About this exercise: When you reach a picture, pass over it; otherwise repeat the listing word for word.

Data:
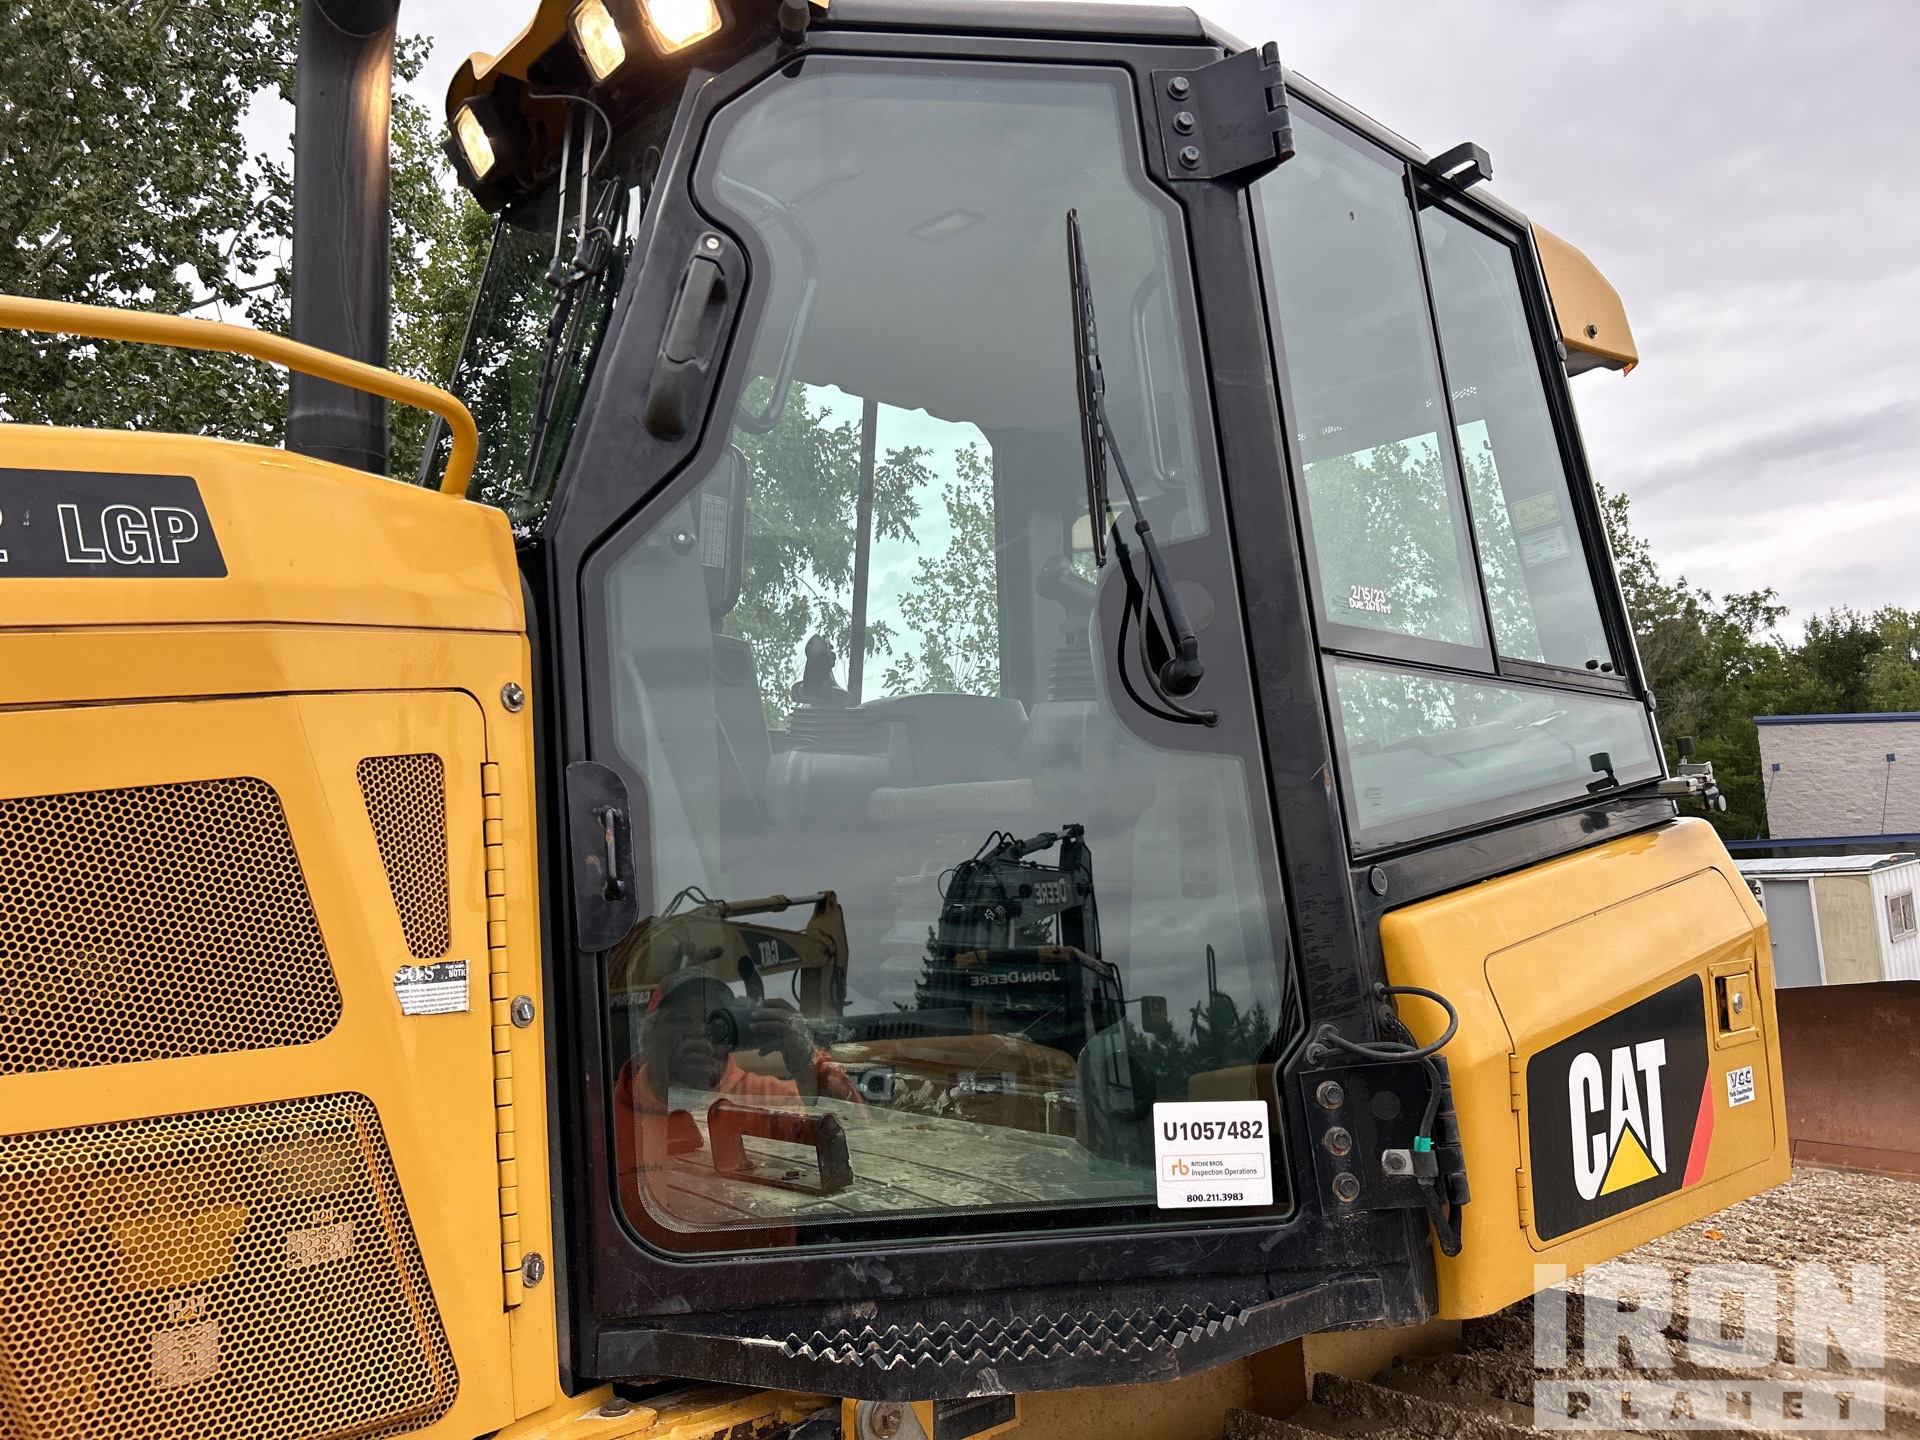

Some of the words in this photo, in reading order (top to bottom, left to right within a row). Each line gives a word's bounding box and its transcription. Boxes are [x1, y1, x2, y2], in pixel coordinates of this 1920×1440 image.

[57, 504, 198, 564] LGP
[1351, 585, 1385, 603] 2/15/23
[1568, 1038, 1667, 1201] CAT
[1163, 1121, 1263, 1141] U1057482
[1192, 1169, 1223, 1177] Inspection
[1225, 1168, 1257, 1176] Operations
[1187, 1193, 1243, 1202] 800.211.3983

Solution to this task:
Some of the words in this photo, in reading order (top to bottom, left to right within a row). Each line gives a word's bounding box and its transcription. Boxes are [x1, y1, x2, y2], in pixel coordinates of this 1920×1440 image.

[57, 504, 198, 564] LGP
[1351, 585, 1385, 603] 2/15/23
[1568, 1038, 1667, 1201] CAT
[1163, 1121, 1263, 1141] U1057482
[1192, 1169, 1223, 1177] Inspection
[1225, 1168, 1257, 1176] Operations
[1187, 1193, 1243, 1202] 800.211.3983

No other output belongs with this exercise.